**GIVEN RECORDS**:

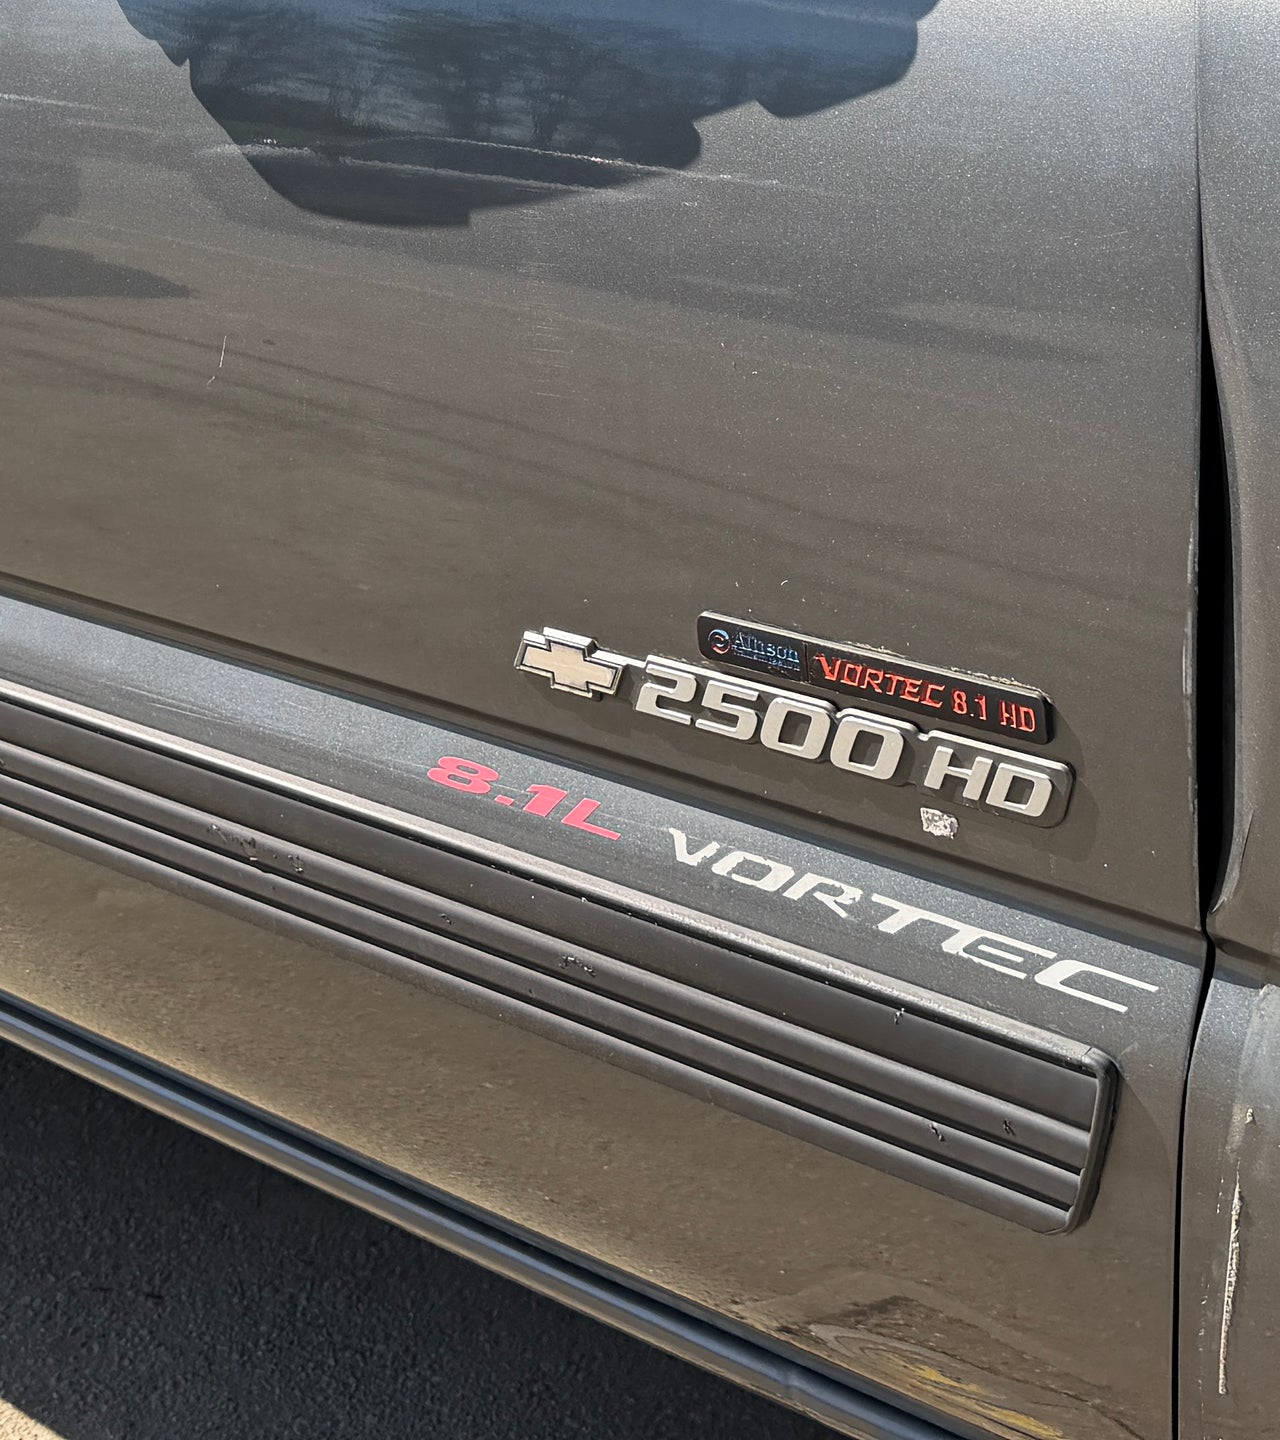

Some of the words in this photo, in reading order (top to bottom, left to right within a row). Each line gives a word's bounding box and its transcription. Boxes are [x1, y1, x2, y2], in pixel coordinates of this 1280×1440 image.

[634, 664, 907, 782] 2500
[923, 745, 1053, 818] HD
[813, 653, 946, 709] VORTEC
[951, 689, 988, 721] 8.1
[999, 700, 1038, 734] HD
[427, 754, 621, 841] 8.1L
[666, 827, 1160, 1012] VORTEC

**REQUIRED WORK**: Leaving the images out, print the records above exactly.

**WRITTEN SOLUTION**:
Some of the words in this photo, in reading order (top to bottom, left to right within a row). Each line gives a word's bounding box and its transcription. Boxes are [x1, y1, x2, y2], in pixel coordinates of this 1280×1440 image.

[634, 664, 907, 782] 2500
[923, 745, 1053, 818] HD
[813, 653, 946, 709] VORTEC
[951, 689, 988, 721] 8.1
[999, 700, 1038, 734] HD
[427, 754, 621, 841] 8.1L
[666, 827, 1160, 1012] VORTEC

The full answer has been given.